MOSCOW, August 4 (RIA Novosti) - For the second time in 13 years, Argentina has defaulted on its debt.

Back in 2001, amid the country’s worst economic crisis, the peso underwent a sharp devaluation; the country’s banking system failed and unemployment figures reached 20 percent. Everyone wanted to convert their money into dollars. The government limited withdrawals, triggering mass protests all over the country.

In January 2002, the government of just-elected President Eduardo Duhalde announced a formal default on a total of $82 billion in sovereign bonds.

Following the default, a devaluation of the peso caused sudden rise in inflation to more than 40 percent and a fall in real GDP of 11 percent in 2002.

By 2003, Argentina’s economy rebounded, though it still operated at below pre-crisis levels.

Argentina began a process of debt restructuring in January 2005, that allowed it to resume payment on the $82 billion in sovereign defaulted bonds.

In 2005 and 2010, Argentina offered new exchange bonds to the holders of the original defaulted debt that paid 33 cents on the dollar. Ninety-three percent of the bondholders accepted the offer, realizing that if they refused, they would be left with nothing at all.

Argentina has continually refused to pay the remaining 7 percent of the bondholders, saying that its central banks' foreign reserves of $29 billion would be depleted by such a payment.

In 2012, New York District Judge Thomas Griesa ruled that Argentina could not pay the exchange bonds without paying the holdouts.

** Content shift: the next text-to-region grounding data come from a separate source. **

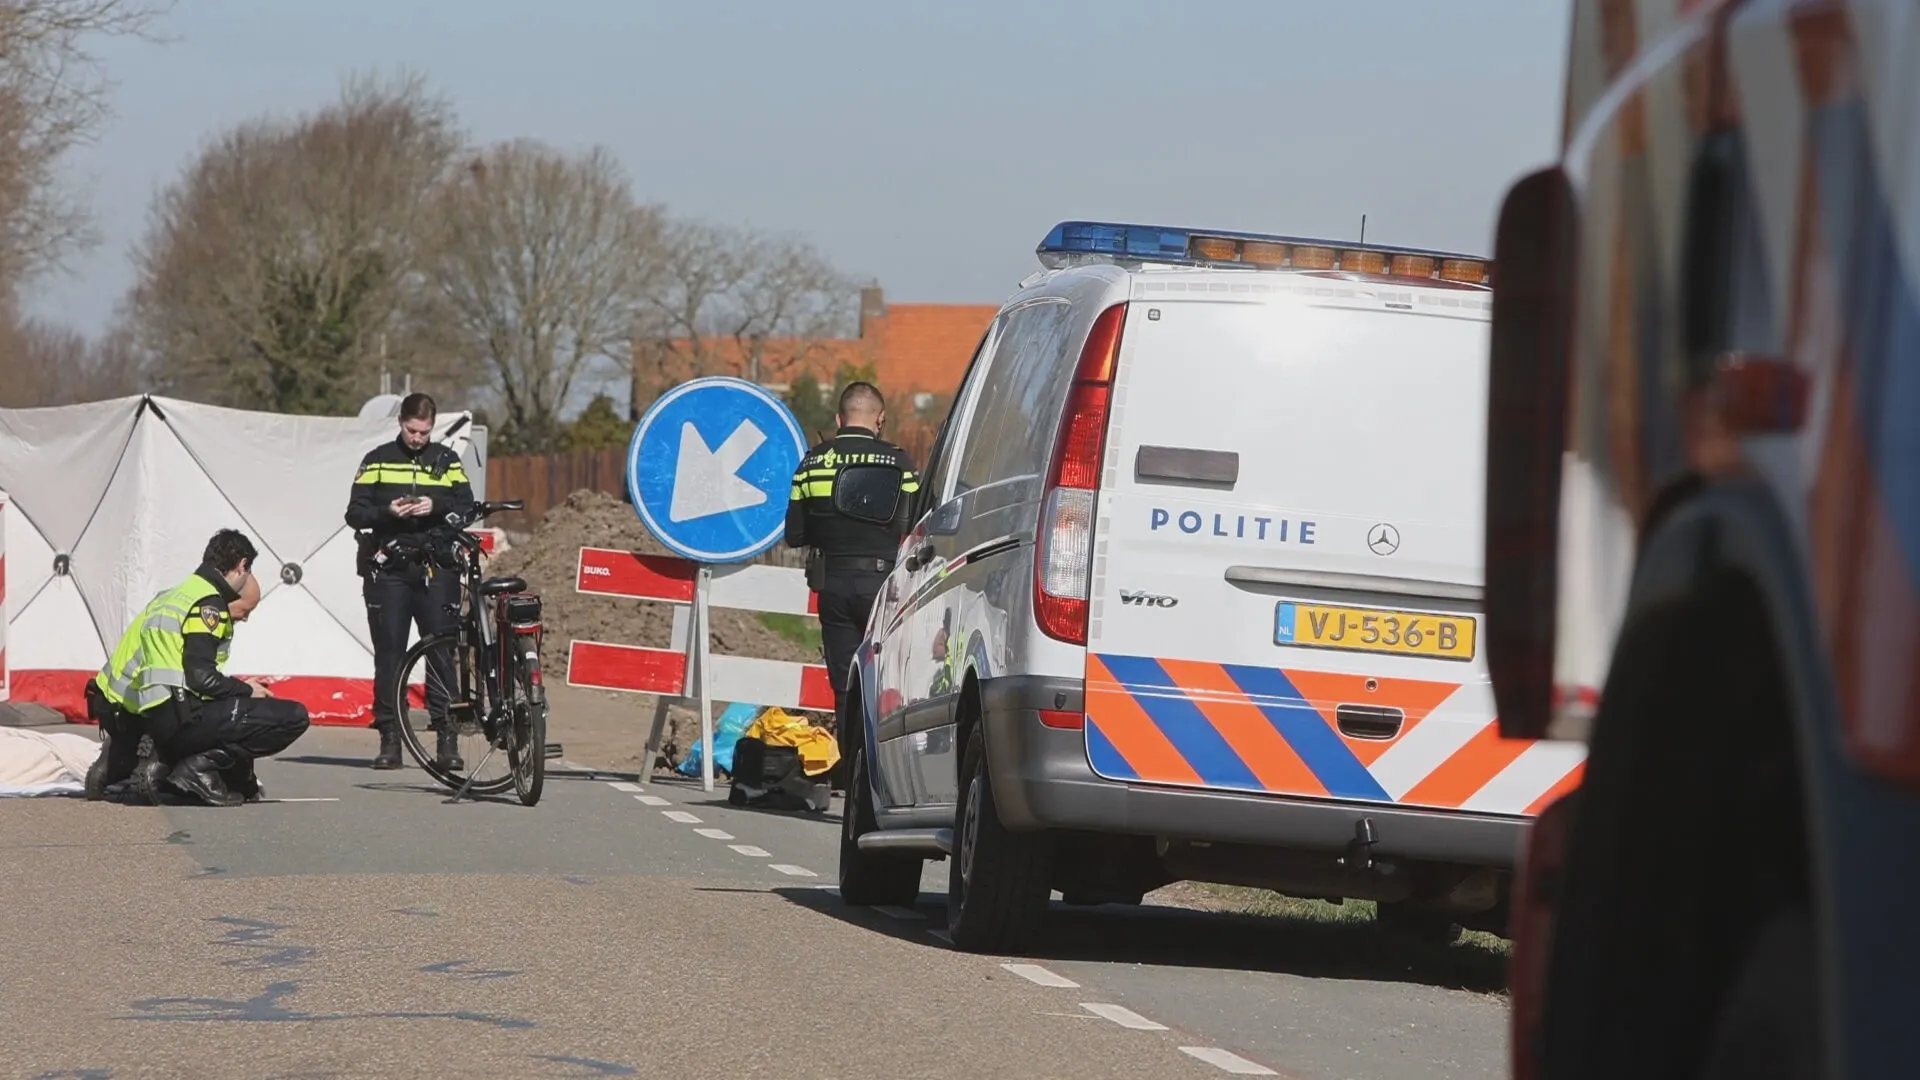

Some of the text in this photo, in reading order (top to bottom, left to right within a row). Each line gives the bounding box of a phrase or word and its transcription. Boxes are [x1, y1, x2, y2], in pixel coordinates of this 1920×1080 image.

[1151, 508, 1316, 544] POLITIE
[1279, 626, 1292, 636] NL
[1309, 610, 1457, 650] VJ-536-B
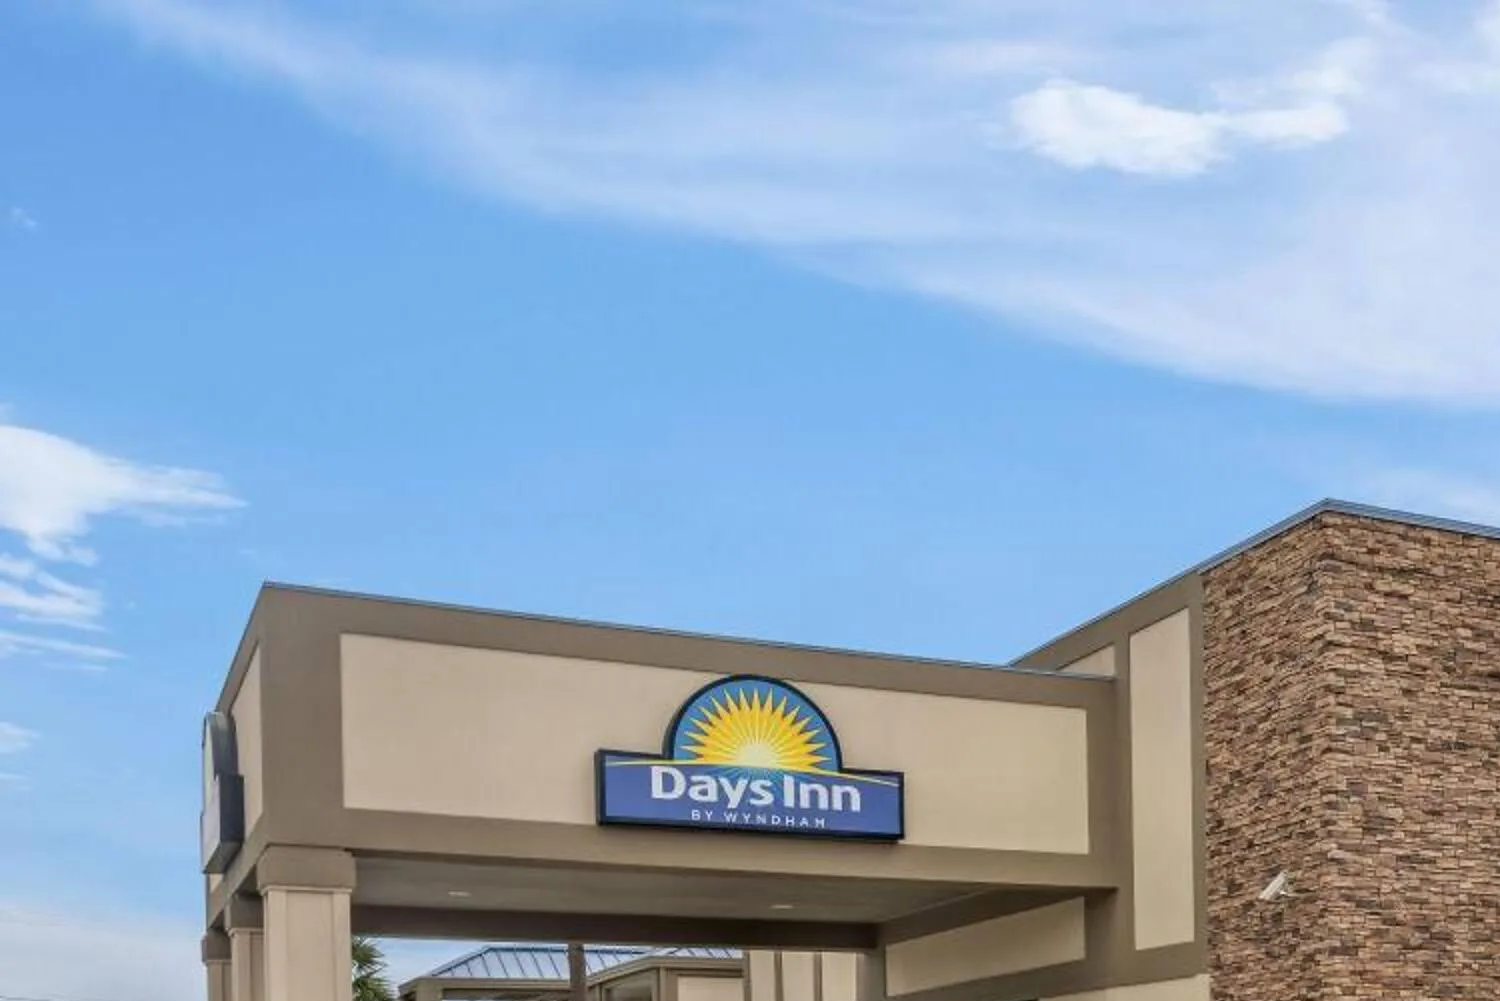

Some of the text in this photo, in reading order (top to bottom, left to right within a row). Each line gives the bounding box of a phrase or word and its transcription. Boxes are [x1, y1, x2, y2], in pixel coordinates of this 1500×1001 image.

[650, 765, 861, 813] Days Inn
[690, 809, 826, 829] BY WYNDHAM

The total holdout claims were estimated at $15 billion, equivalent to half of Argentina’s foreign exchange reserves. Argentina appealed, but lost the case in the US Supreme Court.

Argentina claimed that judge Griesa “is clearly an agent for the vulture funds,” and that the ultimate responsibility for the crisis lay with the US government.

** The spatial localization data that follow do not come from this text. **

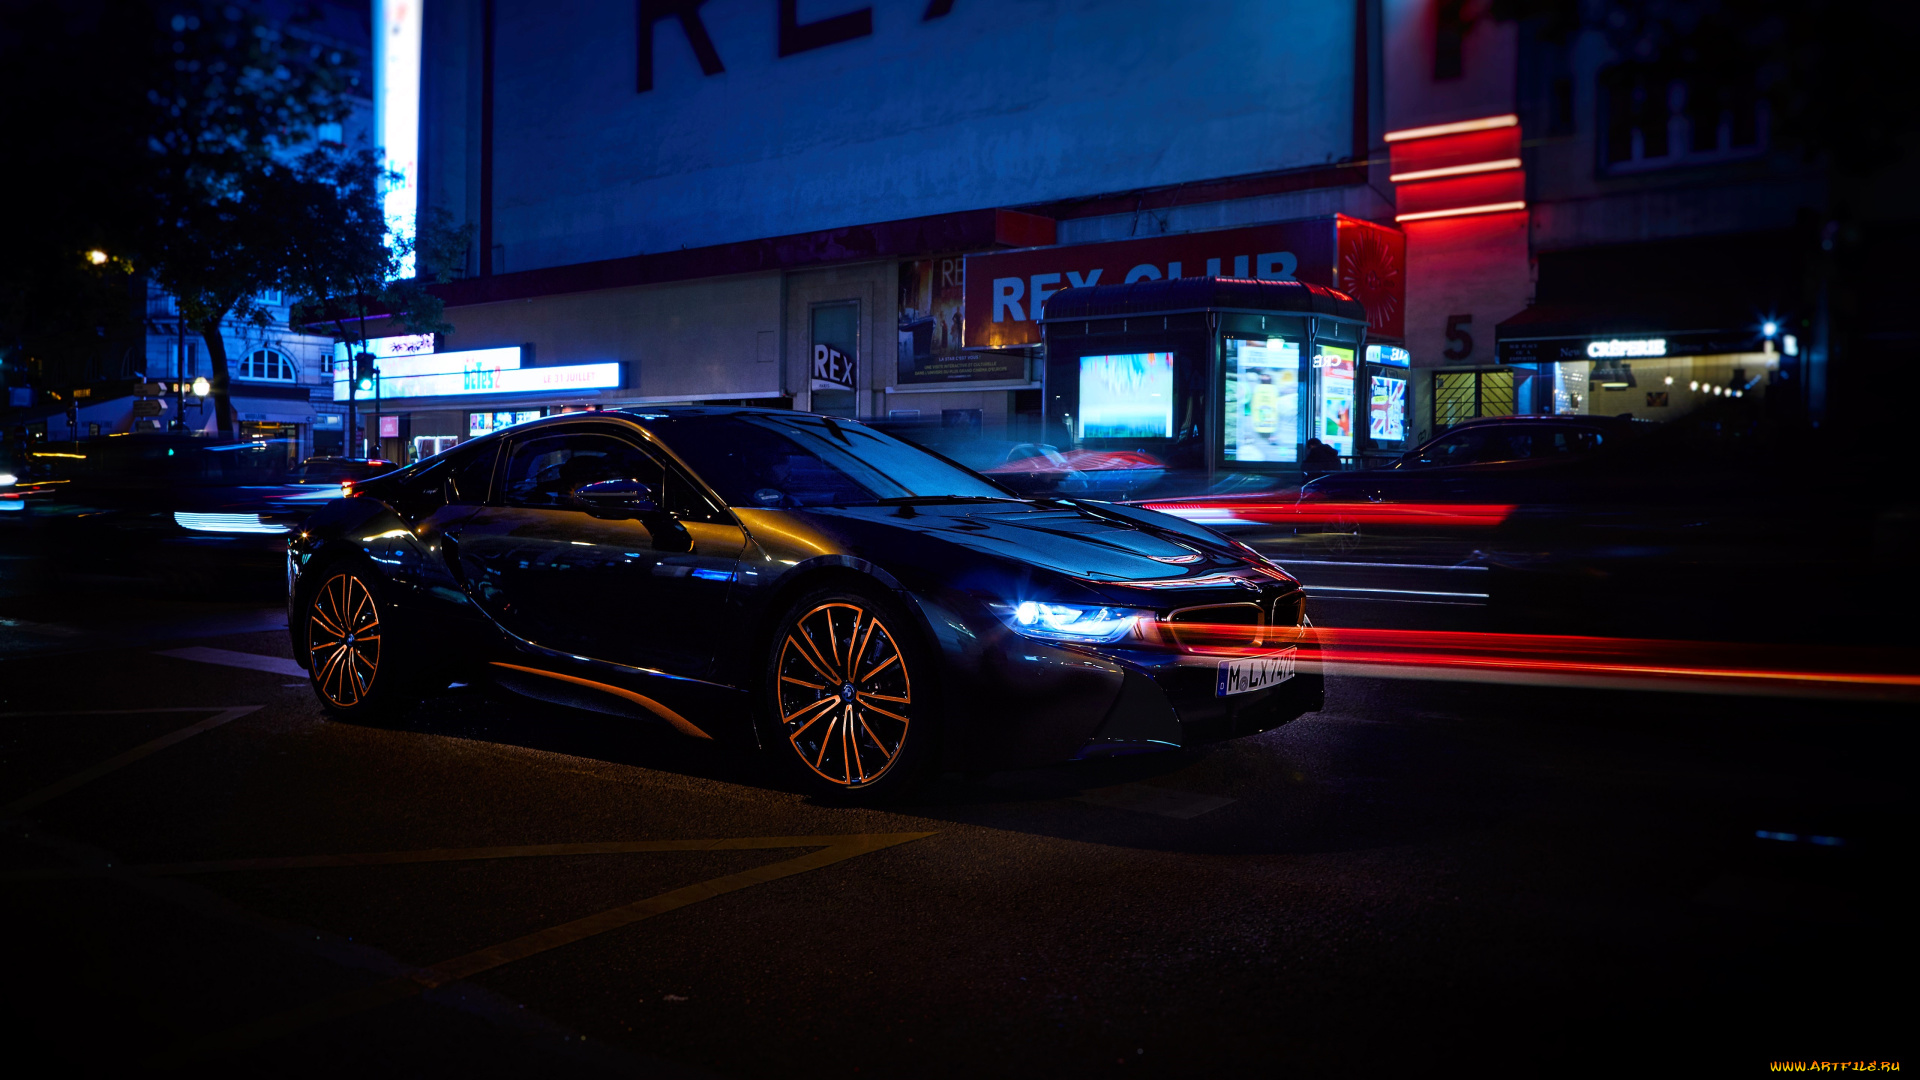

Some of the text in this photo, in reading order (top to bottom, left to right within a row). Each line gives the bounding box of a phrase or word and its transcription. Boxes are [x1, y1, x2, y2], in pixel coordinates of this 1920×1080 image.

[1443, 314, 1473, 361] 5
[565, 372, 596, 382] JUILLET
[814, 344, 853, 386] REX
[1228, 664, 1240, 692] M
[1248, 660, 1267, 688] LX

During the negotiations, President Cristina Fernandez de Kirchner disregarded the fact that Argentina signed a contract allowing US jurisdiction in the event of a dispute over the bonds.

Argentina’s failure to reach an agreement with the holdouts before the July 31, 2014, deadline triggered another country’s default.

At an August 1 hearing, the US Judge overseeing the case ordered the parties to continue negotiations and said that Argentina’s default has not removed the necessity on working out a settlement.

Now, as Argentina faces further isolation from global financial markets, the country’s government plans to take the case to the International Court of Justice in The Hague.